§ **HOW TO COMPLETE THIS TASK**:
Only the lines from the one containing "this 1920×1280 image." through the last line of the data below belong in your answer, copied exactly and without pictures.

§ **Dataset excerpts**:

+ + +

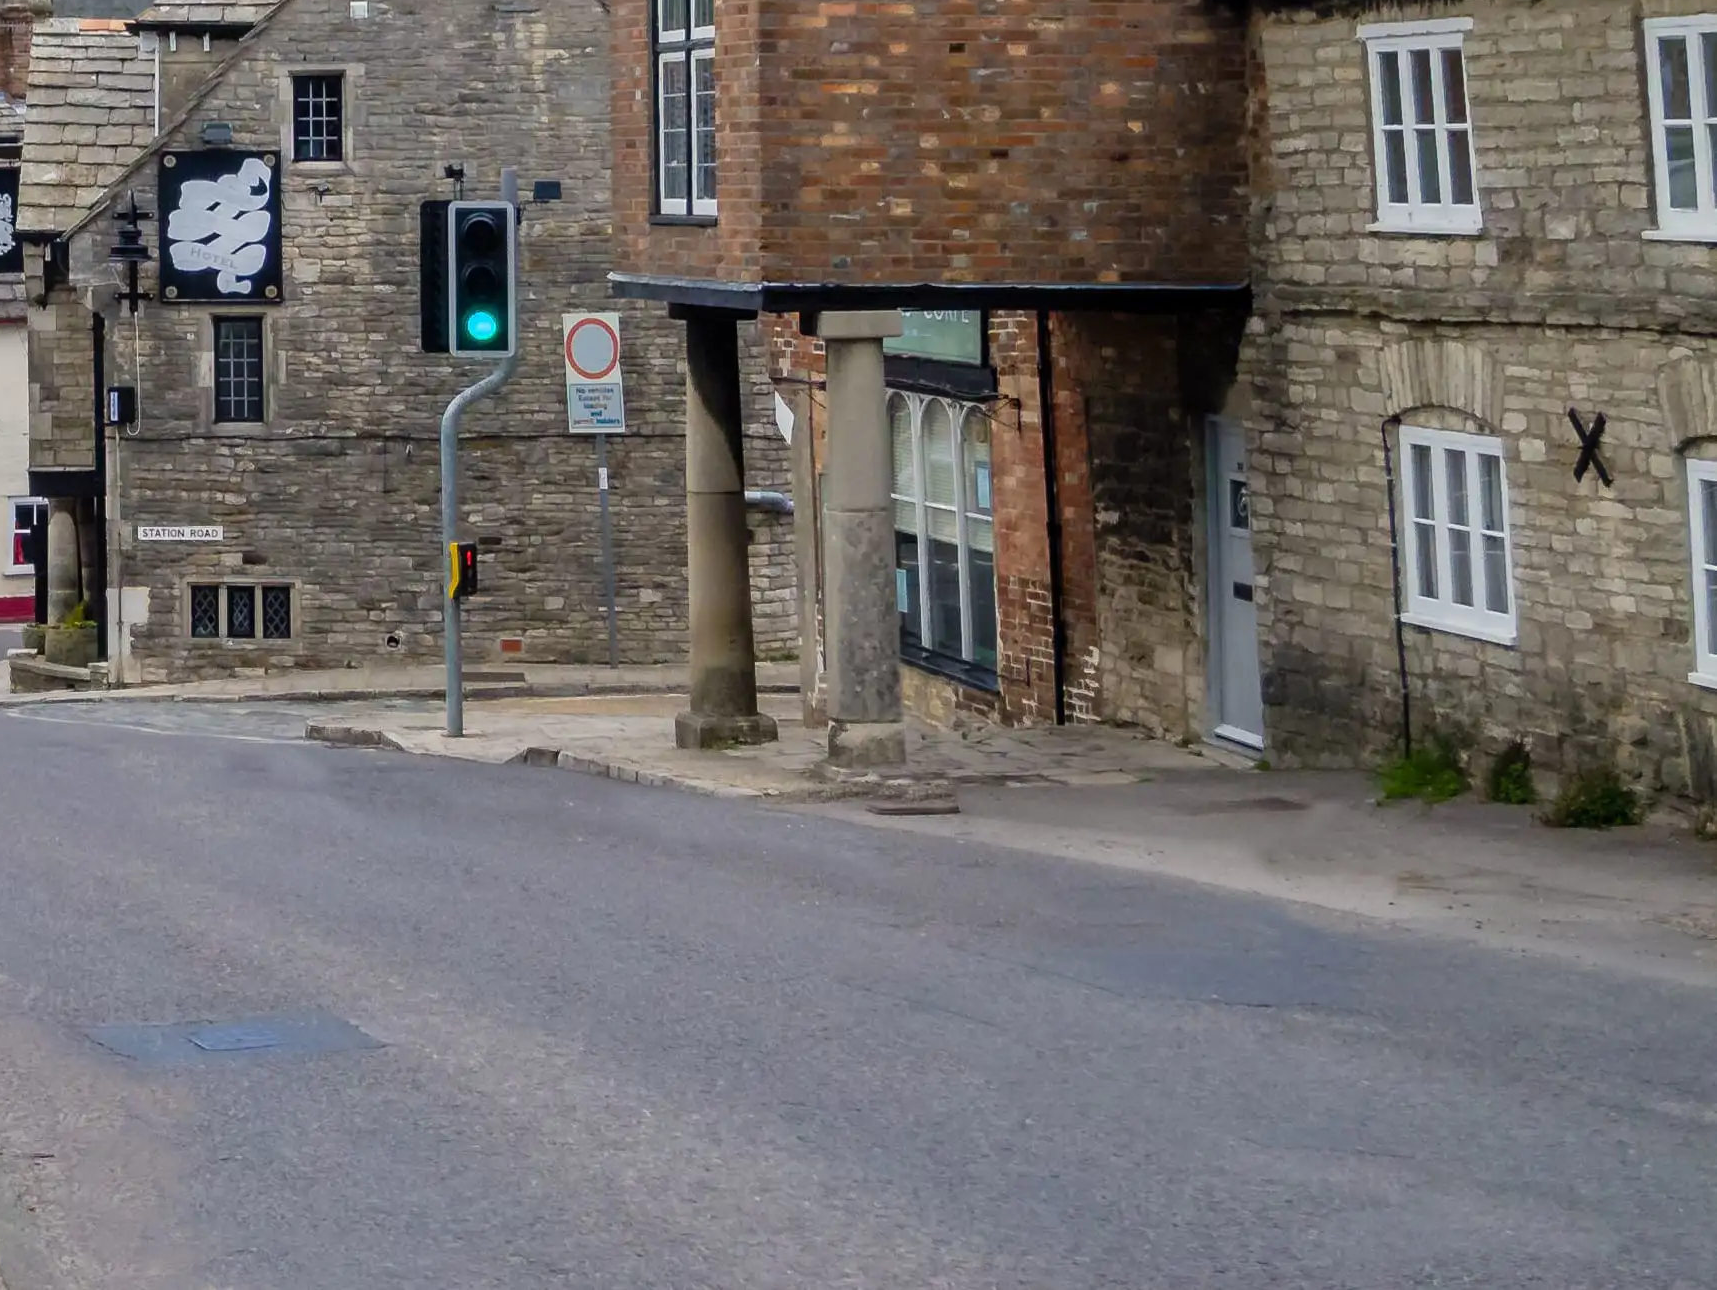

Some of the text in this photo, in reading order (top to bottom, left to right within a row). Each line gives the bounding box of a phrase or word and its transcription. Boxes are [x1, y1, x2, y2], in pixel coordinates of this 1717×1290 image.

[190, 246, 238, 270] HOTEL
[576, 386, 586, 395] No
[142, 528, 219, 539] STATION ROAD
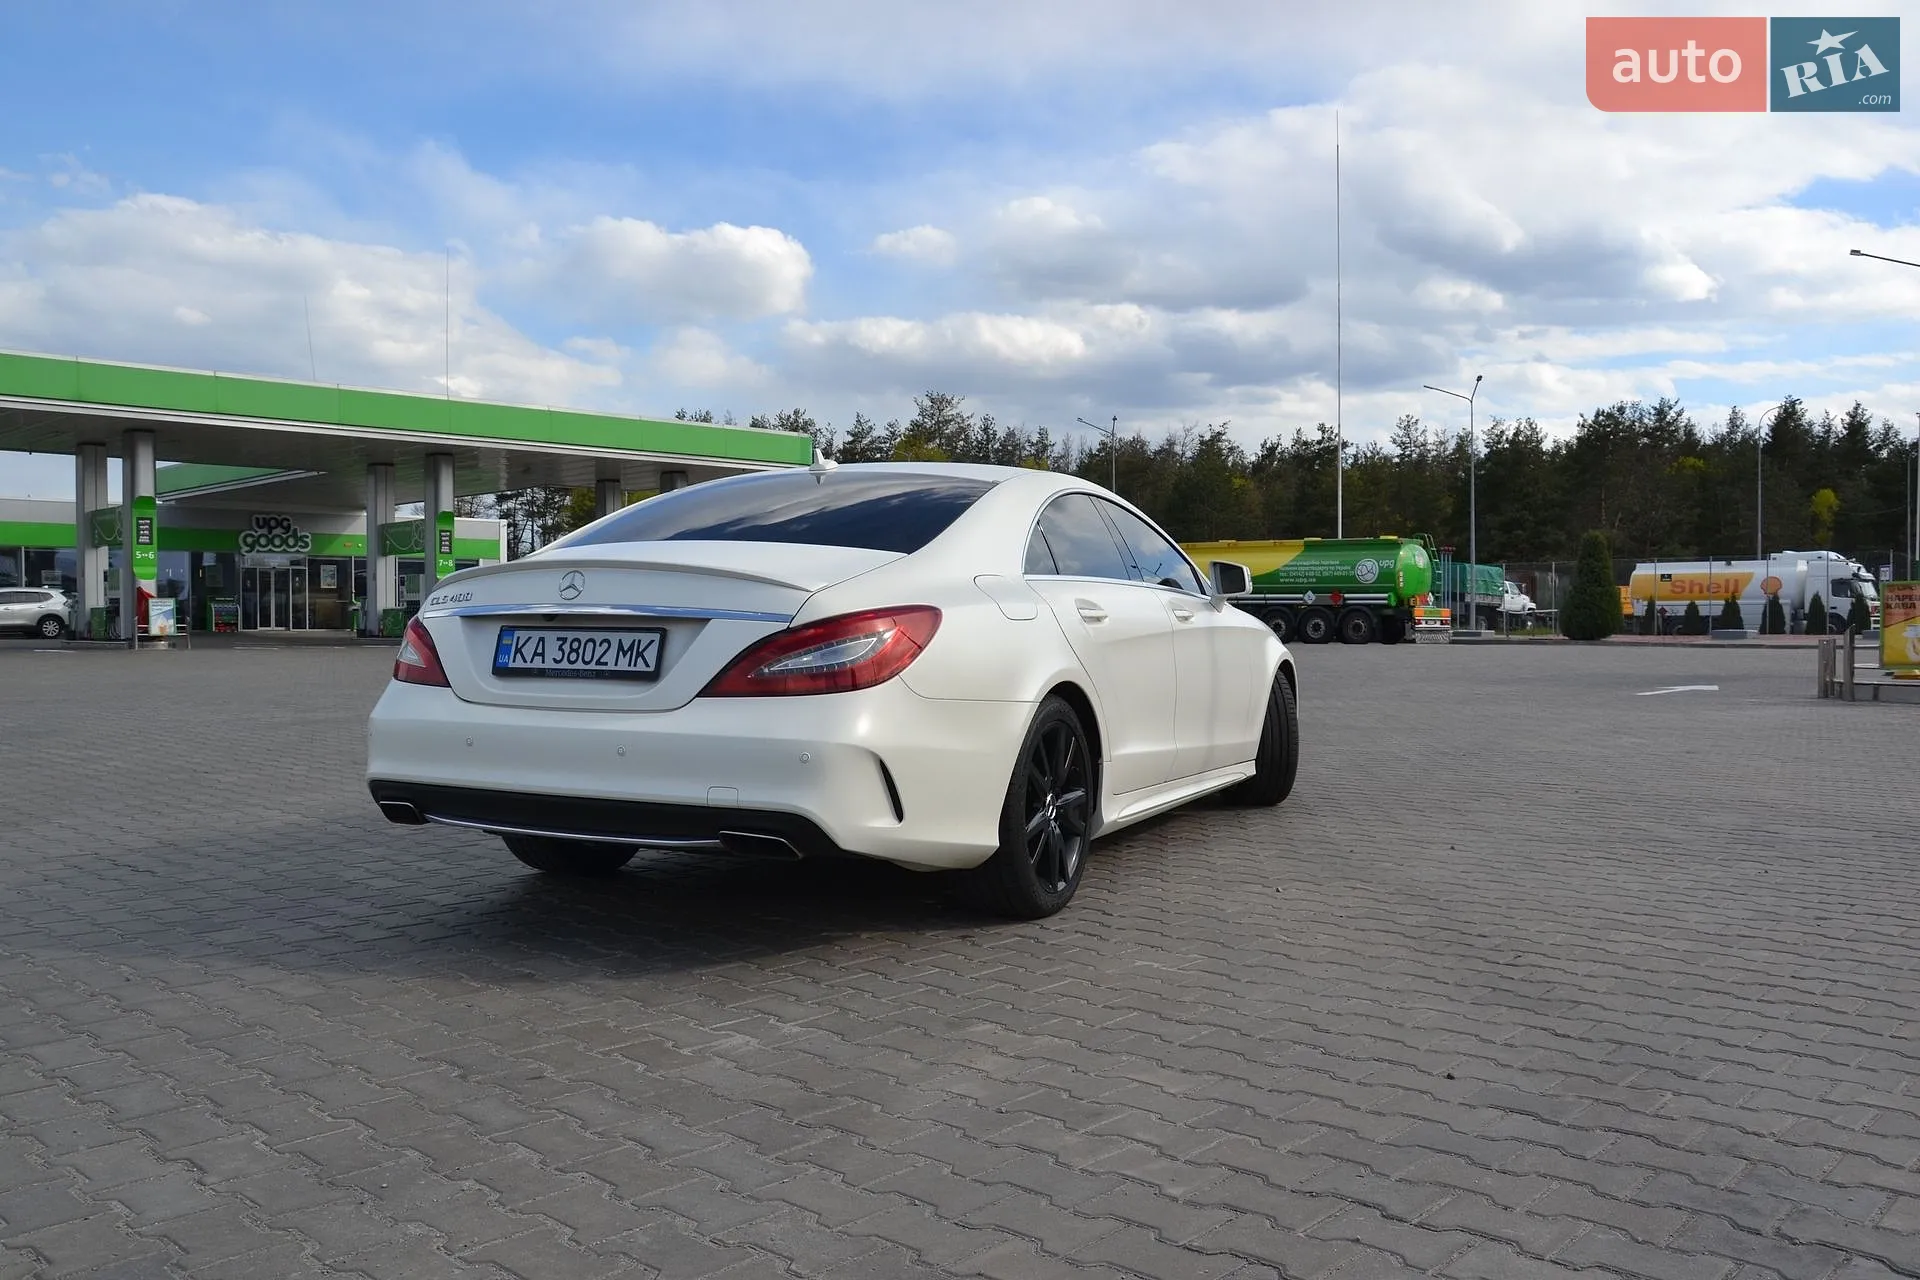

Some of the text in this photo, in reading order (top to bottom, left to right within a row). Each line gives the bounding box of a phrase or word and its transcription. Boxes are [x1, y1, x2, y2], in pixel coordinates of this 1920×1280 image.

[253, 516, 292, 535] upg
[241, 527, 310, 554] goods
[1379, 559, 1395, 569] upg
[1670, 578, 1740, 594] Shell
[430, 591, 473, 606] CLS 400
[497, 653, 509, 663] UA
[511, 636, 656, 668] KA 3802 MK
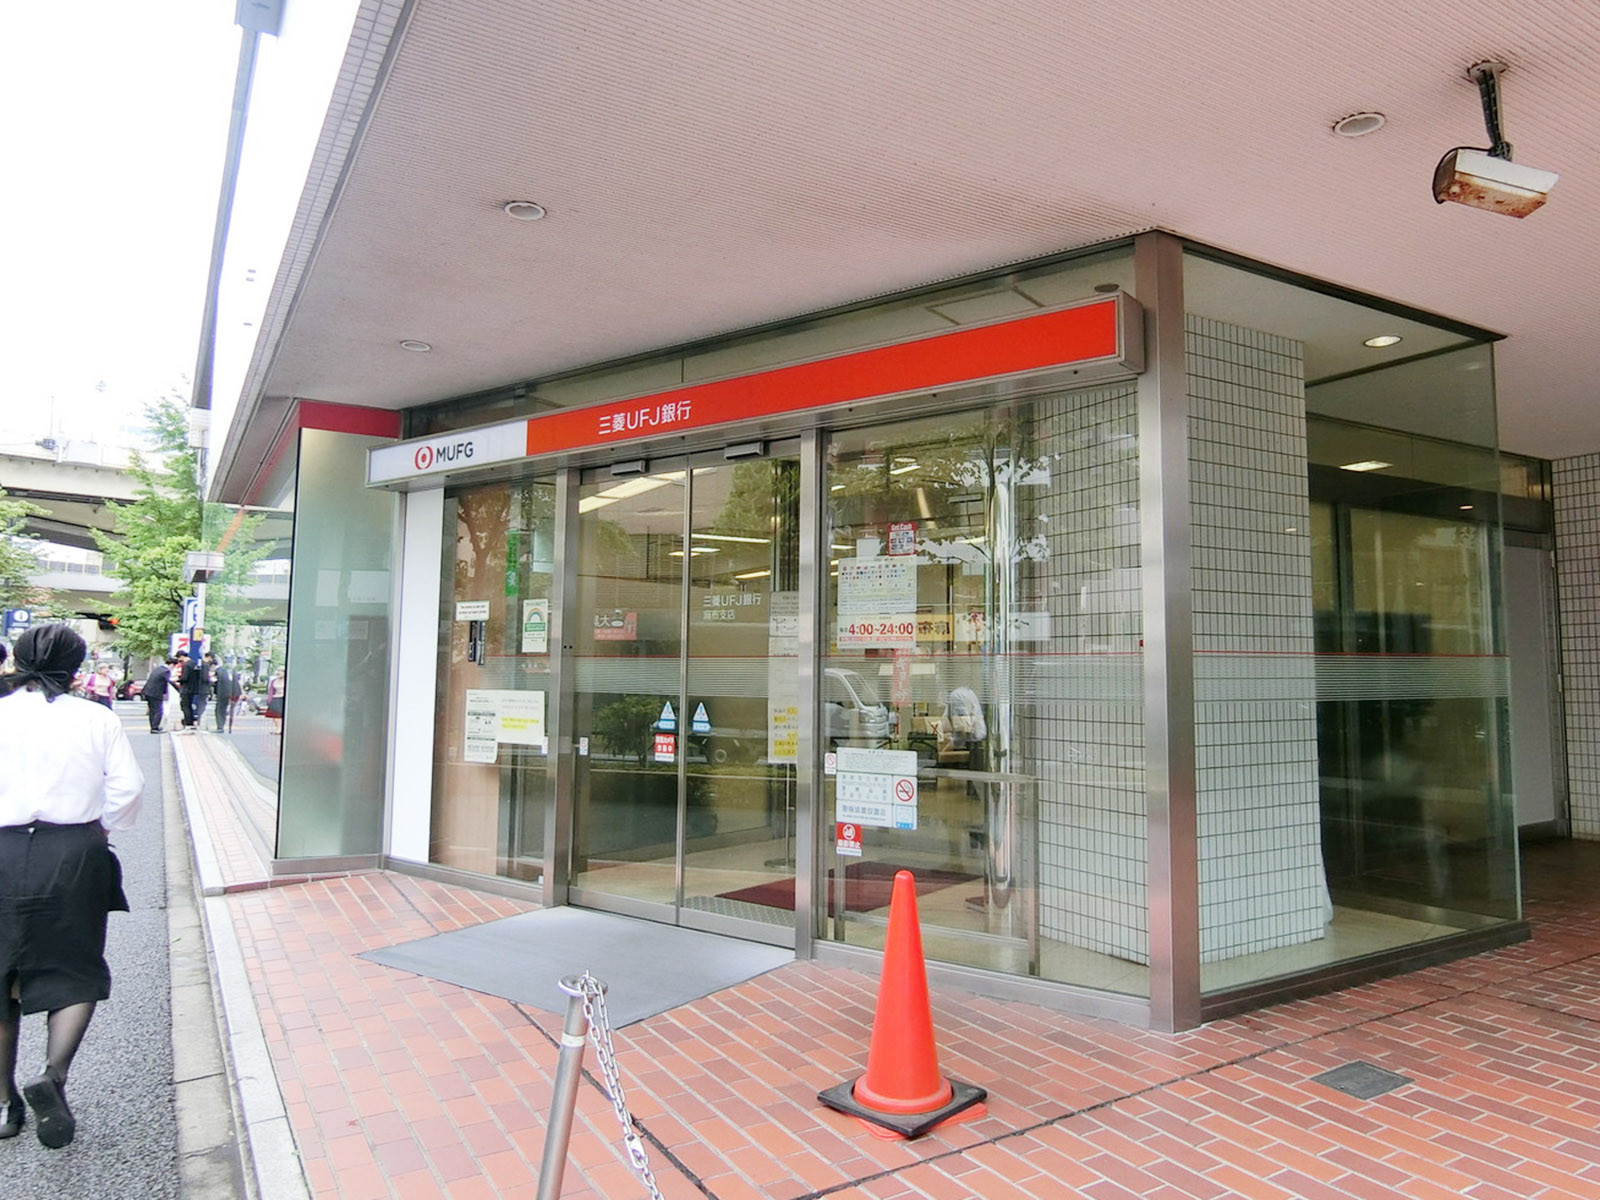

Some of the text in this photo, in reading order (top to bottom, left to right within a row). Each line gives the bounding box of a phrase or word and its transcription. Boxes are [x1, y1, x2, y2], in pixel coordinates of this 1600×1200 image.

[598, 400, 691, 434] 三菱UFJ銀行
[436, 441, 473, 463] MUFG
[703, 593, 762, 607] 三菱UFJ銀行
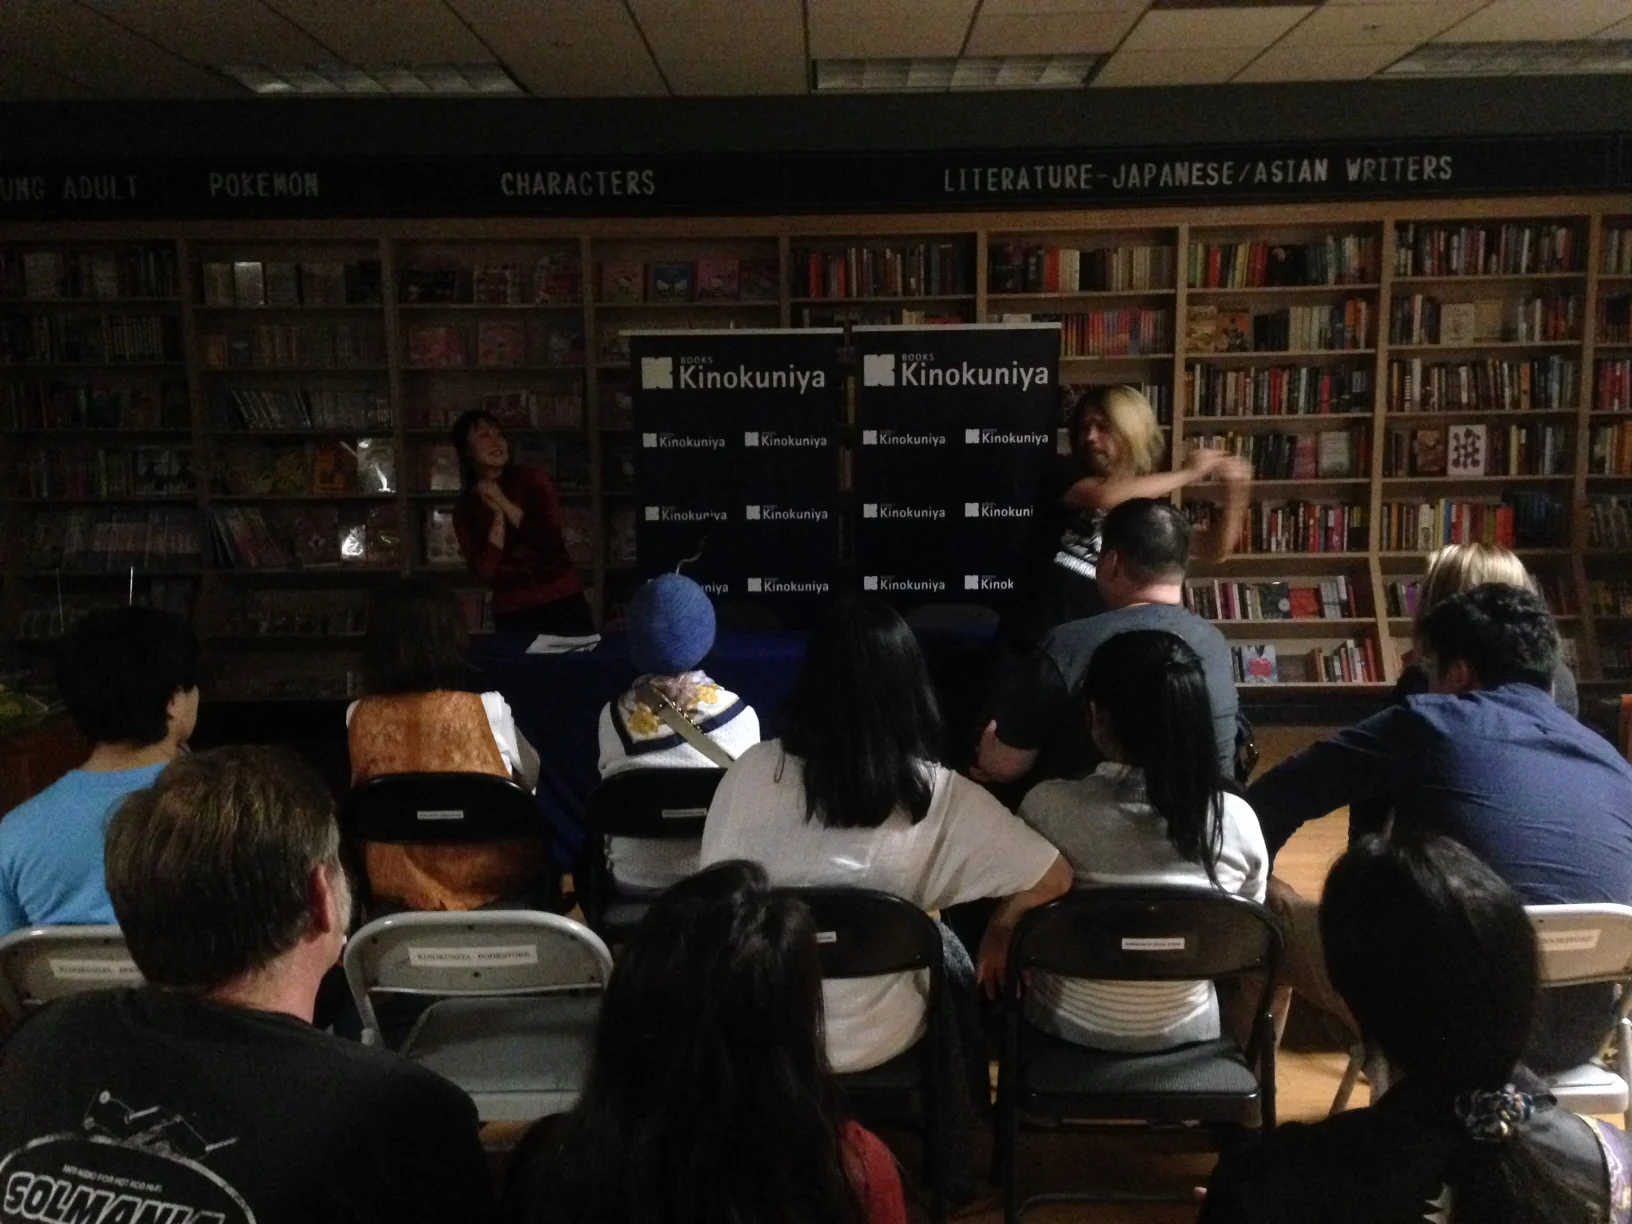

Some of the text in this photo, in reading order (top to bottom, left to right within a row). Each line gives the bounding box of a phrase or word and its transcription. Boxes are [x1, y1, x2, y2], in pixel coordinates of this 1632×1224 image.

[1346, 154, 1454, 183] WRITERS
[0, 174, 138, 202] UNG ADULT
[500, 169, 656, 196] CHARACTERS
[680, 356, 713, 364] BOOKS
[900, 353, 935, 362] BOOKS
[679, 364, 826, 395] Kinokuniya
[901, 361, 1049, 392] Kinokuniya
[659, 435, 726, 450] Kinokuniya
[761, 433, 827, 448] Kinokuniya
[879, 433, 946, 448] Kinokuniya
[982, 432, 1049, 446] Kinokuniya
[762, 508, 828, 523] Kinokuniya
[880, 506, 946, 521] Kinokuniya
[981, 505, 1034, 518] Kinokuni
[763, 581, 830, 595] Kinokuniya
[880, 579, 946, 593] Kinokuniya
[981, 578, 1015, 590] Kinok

+ + +

§ **RESULT**:
Some of the text in this photo, in reading order (top to bottom, left to right within a row). Each line gives the bounding box of a phrase or word and its transcription. Boxes are [x1, y1, x2, y2], in pixel coordinates of this 1920×1280 image.

[253, 516, 292, 535] upg
[241, 527, 310, 554] goods
[1379, 559, 1395, 569] upg
[1670, 578, 1740, 594] Shell
[430, 591, 473, 606] CLS 400
[497, 653, 509, 663] UA
[511, 636, 656, 668] KA 3802 MK

Some of the text in this photo, in reading order (top to bottom, left to right within a row). Each line gives the bounding box of a phrase or word and its transcription. Boxes are [x1, y1, x2, y2], in pixel coordinates of this 1600×1200 image.

[598, 400, 691, 434] 三菱UFJ銀行
[436, 441, 473, 463] MUFG
[703, 593, 762, 607] 三菱UFJ銀行

Some of the text in this photo, in reading order (top to bottom, left to right within a row). Each line gives the bounding box of a phrase or word and its transcription. Boxes are [x1, y1, x2, y2], in pixel coordinates of this 1632×1224 image.

[1346, 154, 1454, 183] WRITERS
[0, 174, 138, 202] UNG ADULT
[500, 169, 656, 196] CHARACTERS
[680, 356, 713, 364] BOOKS
[900, 353, 935, 362] BOOKS
[679, 364, 826, 395] Kinokuniya
[901, 361, 1049, 392] Kinokuniya
[659, 435, 726, 450] Kinokuniya
[761, 433, 827, 448] Kinokuniya
[879, 433, 946, 448] Kinokuniya
[982, 432, 1049, 446] Kinokuniya
[762, 508, 828, 523] Kinokuniya
[880, 506, 946, 521] Kinokuniya
[981, 505, 1034, 518] Kinokuni
[763, 581, 830, 595] Kinokuniya
[880, 579, 946, 593] Kinokuniya
[981, 578, 1015, 590] Kinok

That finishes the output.